Another technique was introduced to improve the security provided by hash functions, and consists in the addition of a usually small random piece of data – the salt – that is attached to the password before hashing. Since the salt is unique for each user, the generated hashes will be different even if two users use the same password, which prevents the rainbow tables attacks and slows down someone trying to guess a password via brute force. Using salts when exchanging or storing password hashes has been the base for the most recent authentication plugins in MySQL, and with time, the choice of hash functions changed to include more secure algorithms: mysq_native_password uses SHA1 and both sha256_password and caching_sha2_password use SHA256. The default plugin for MySQL 8 is caching_sha2_password which focuses on performance. This plugin implements a server-side cache to store user credentials upon successful authentication.
Security is never too much!
These SHA256 based plugins surely represent a great improvement in terms of security, and the protocol reflects that as well. A full authentication (when credentials are not cached) happens differently according to whether the communication channel is encrypted or not. If it is, the client safely sends the password in clear text, but if it isn’t, then the client must first obtain and use the server public key to encrypt the password and send that instead . This has one implication to using asymmetric TLS, because the client and the server would be expecting different things at a given point in the protocol, so Cyral must intermediate the communication between the endpoints. This intermediation was also necessary for us to support identity providers, such as Okta. When these are in use, there are actually two authentication processes going on: (i) the user credentials must be authenticated against the identity provider; and (ii) the credentials returned by the identity provider must be authenticated against the server. The main key to how we handle these situations is maintaining a state for the connection phase as perceived by both the client and the server, and keeping track of what each of them are expecting to send or receive from each other at any given point while we haven’t completed authentication.

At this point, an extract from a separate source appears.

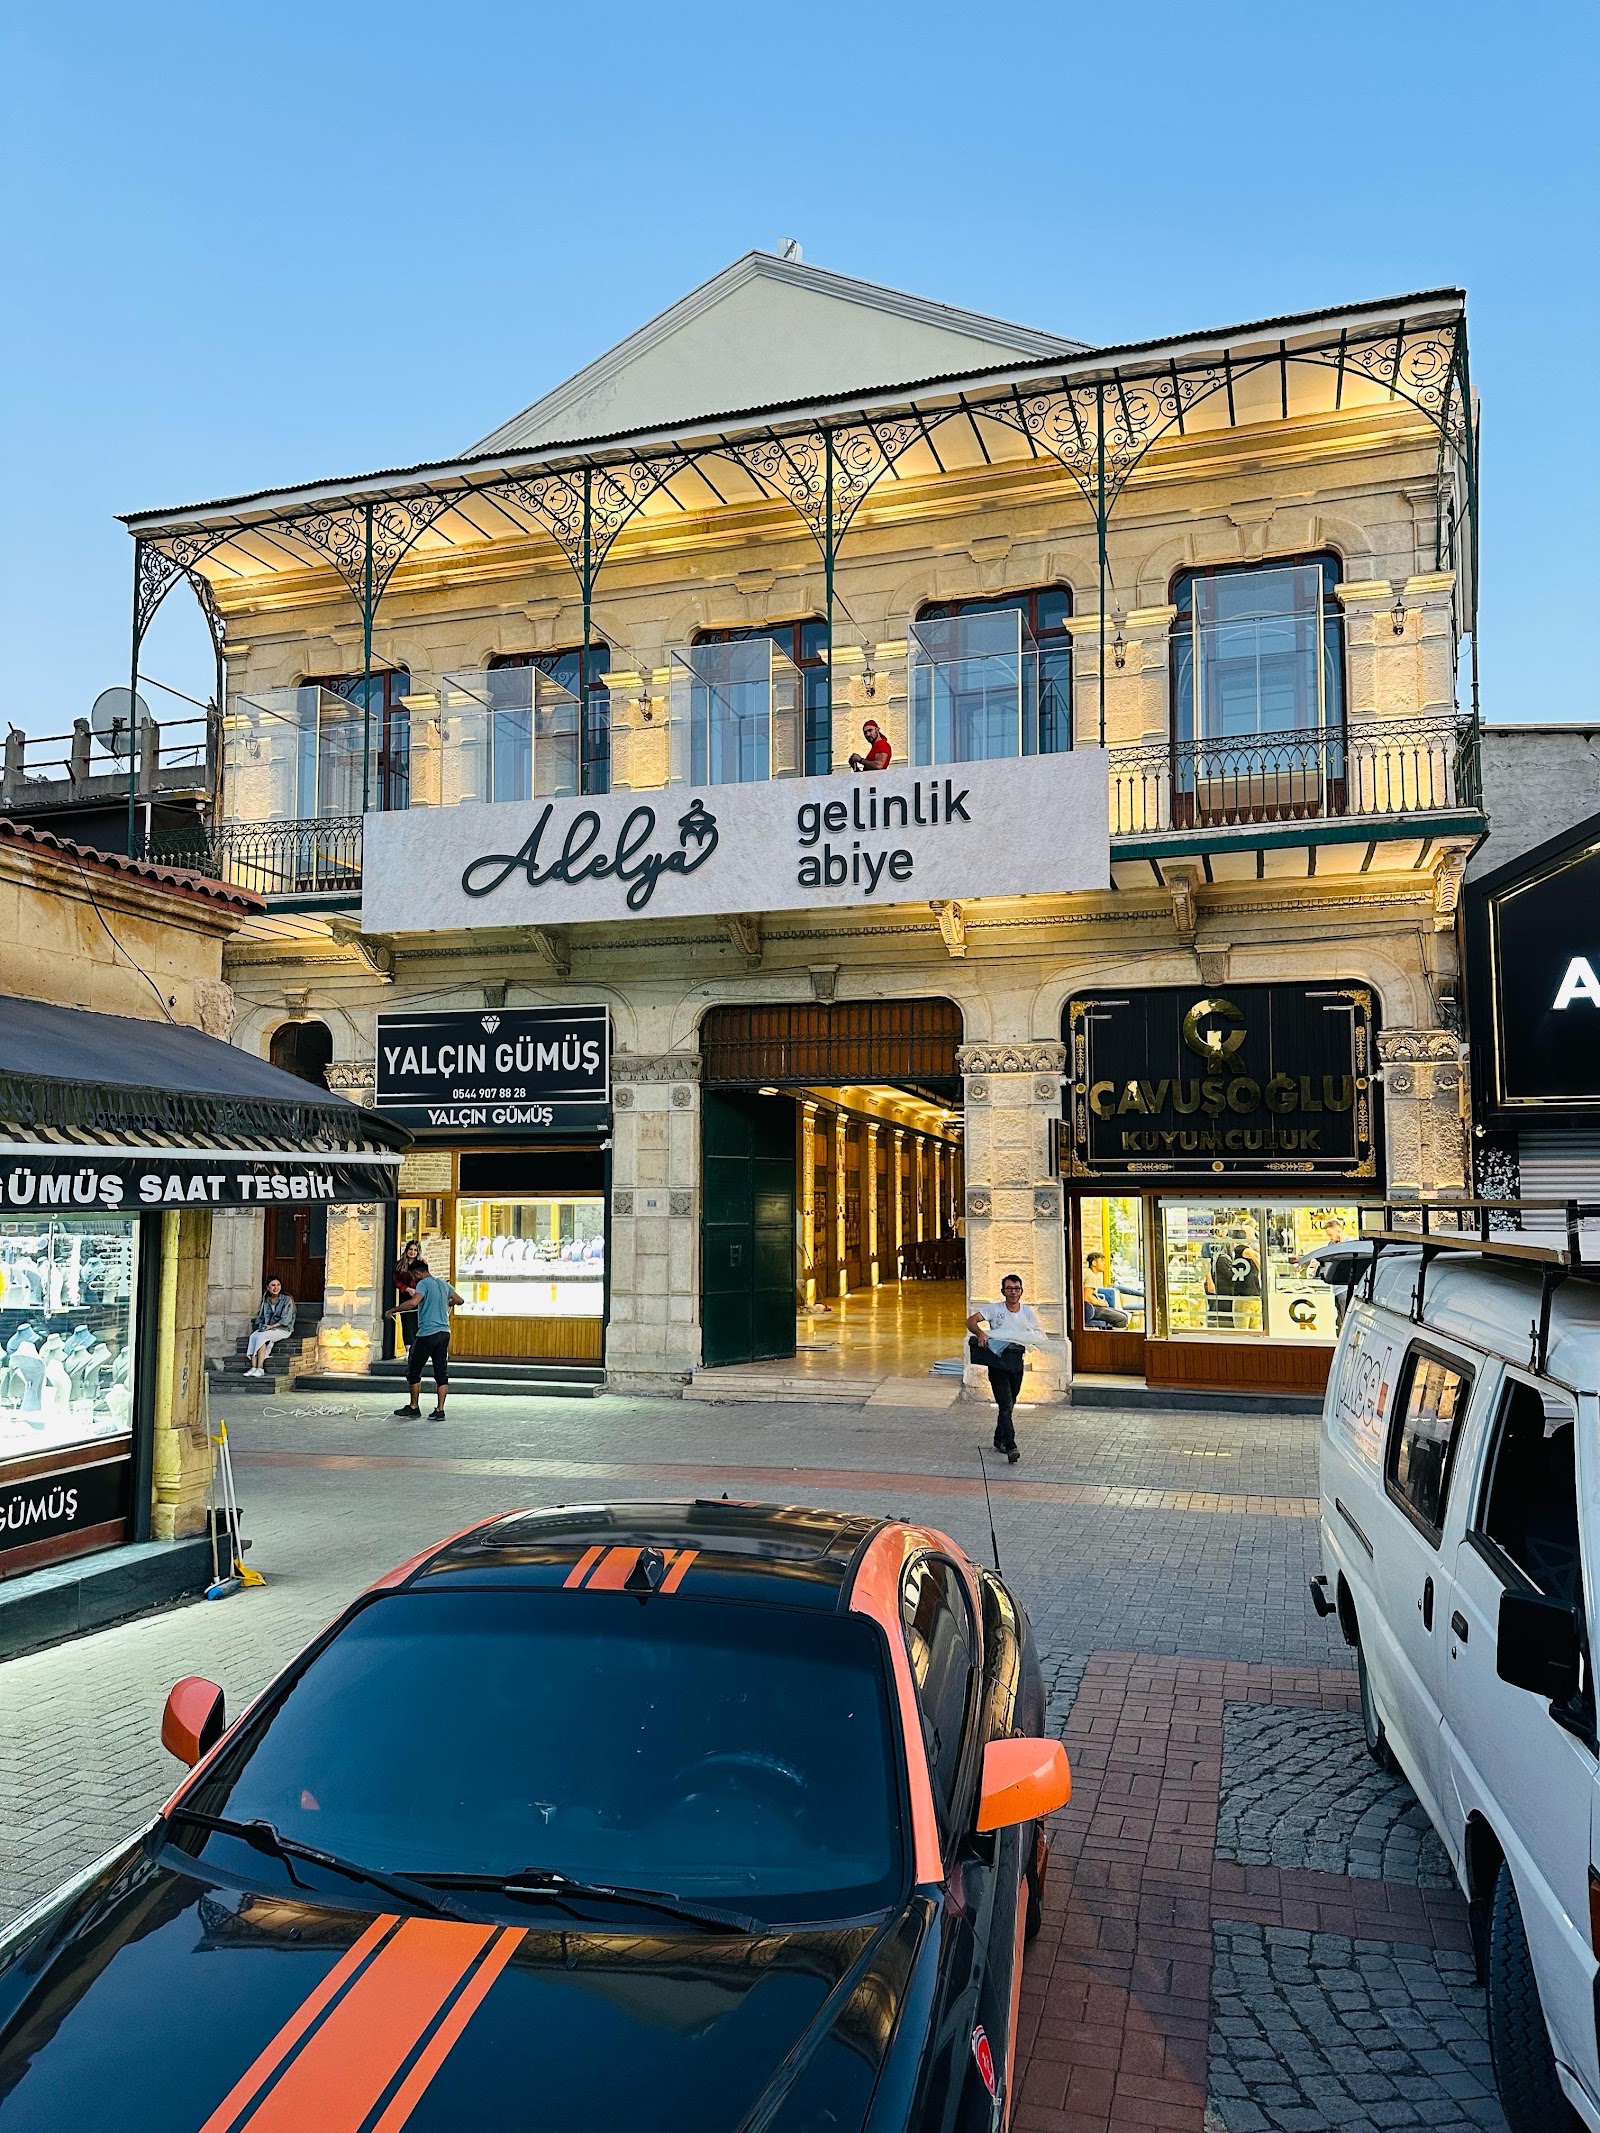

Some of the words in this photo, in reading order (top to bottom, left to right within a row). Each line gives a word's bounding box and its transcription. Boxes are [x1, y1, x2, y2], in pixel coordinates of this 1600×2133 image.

Our product keeps the MySQL native authentication as it is and works with it to strengthen security where there’s room for it. Because malicious hackers are out there and their motivation does not seem to decline, we are working to keep them unsuccessful. In terms of authentication, this reflects in many of our features, such as user access grants, which limit who can log into the database and for how long, and multi factor and federated authentication, providing an extra layer of authentication to be attached to the native database one.